Colindrez first made a splash as Joan — the catalyst for lead character Allison’s sexual awakening — in Fun Home on Broadway. She’s since appeared in Jill Soloway’s I Love Dick, The Deuce, and recently in an episode of Mrs. America, the Cate Blanchett/Rose Byrne-led series about the battle for the ERA.
“I’m lucky to have this career and be queer and be celebrated for it,” Colindrez said.
Regarding Vida and the queer identity policing episode, she expounded on how Saracho struck the right balance.
“This is exactly the kind of conversations that are happening in real life where even queers are having really reductive, kind of past-tense conversations about where we are presently,” Colindrez said. “We have to be able to call people out and we have to be able to educate people. Tanya’s done a really great and really empathetic job of reminding us that we’re not all there yet.”
“Even the queers aren’t all there yet. Even the brown queers aren’t all there yet on everything politically and socially,” she added.
Vida has led the way on TV in terms of queer/Latinx visibility, but it’s also illuminated the lives of butch, masc, and nonbinary queer people. Colindrez hearkened to a scene in the first season that featured nonbinary actor Ser Anzoategui’s Eddy, the widow of Emma and Lyn’s mom Vidalia, mourning in the bathtub as the camera rises above.
“I truly don’t think I’ve ever seen a butch body like that onscreen before,” Colindrez, who was still just a viewer at the time, recalled.
“I wasn’t thinking about the political aspects of it,” she said. “To me, it was just beautiful because we as a society tend to shrug away images of butch bodies. And for Ser to be brave enough to do that, I thought that was so cool. I grew even more in love with Tanya and her work and her vision, and what I see as her artistic priorities.”

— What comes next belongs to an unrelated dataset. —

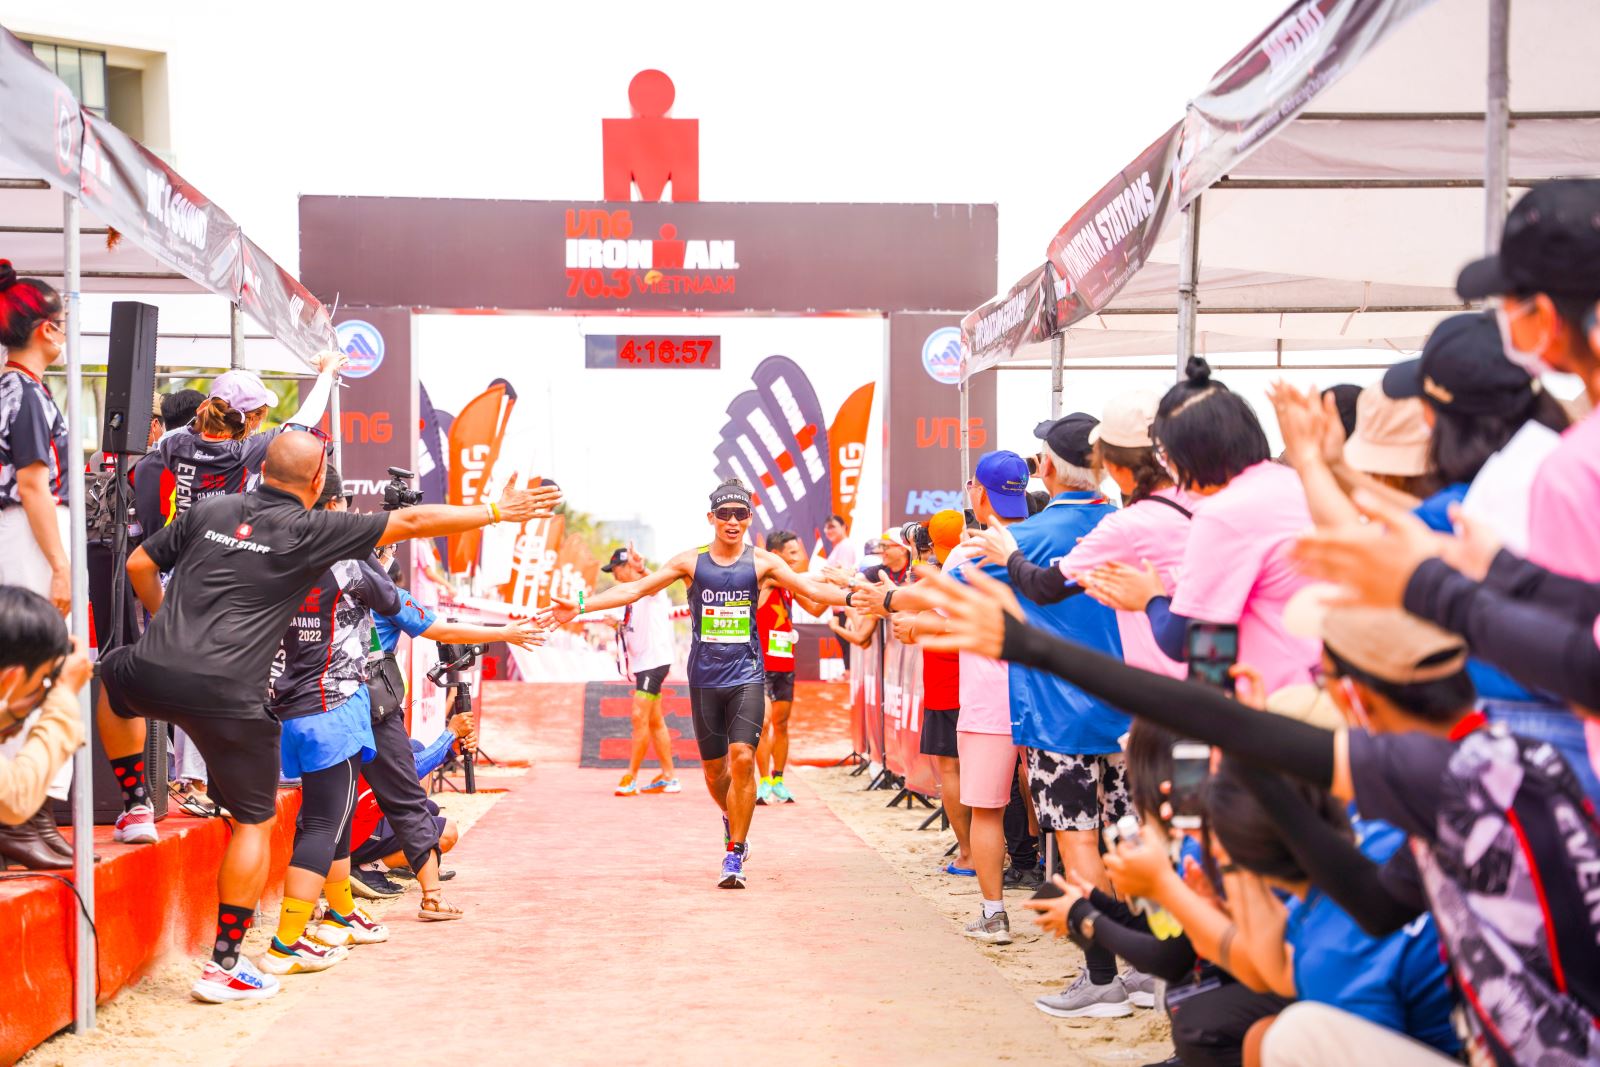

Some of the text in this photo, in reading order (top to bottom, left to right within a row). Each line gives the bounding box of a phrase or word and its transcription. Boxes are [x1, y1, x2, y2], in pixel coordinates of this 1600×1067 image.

As Vida’s third season approached, viewers sheltering in place began to discover it late in the game — too late for it to land another season. Although Colindrez wishes people had found the show earlier in its run, she’s glad they did.
“I’m really happy with what we made. I’m always going to be really proud of it,” she said.
“If it’s one of those things where it takes people 20 years to watch it and be like, ‘Wow. Now there’s such a prevalence of shows about Latin American experience. Where did it all start? ‘If they can look back and pinpoint Vida and discover what a gem it was, then I will be happy.”
“It’s brave and it’s empathetic at the same time, which is a really rare combination,” she added. “I hope that Latin American people feel seen by the show, and justly represented. And I hope that other people feel [a] kinship with someone they didn’t know they already knew.”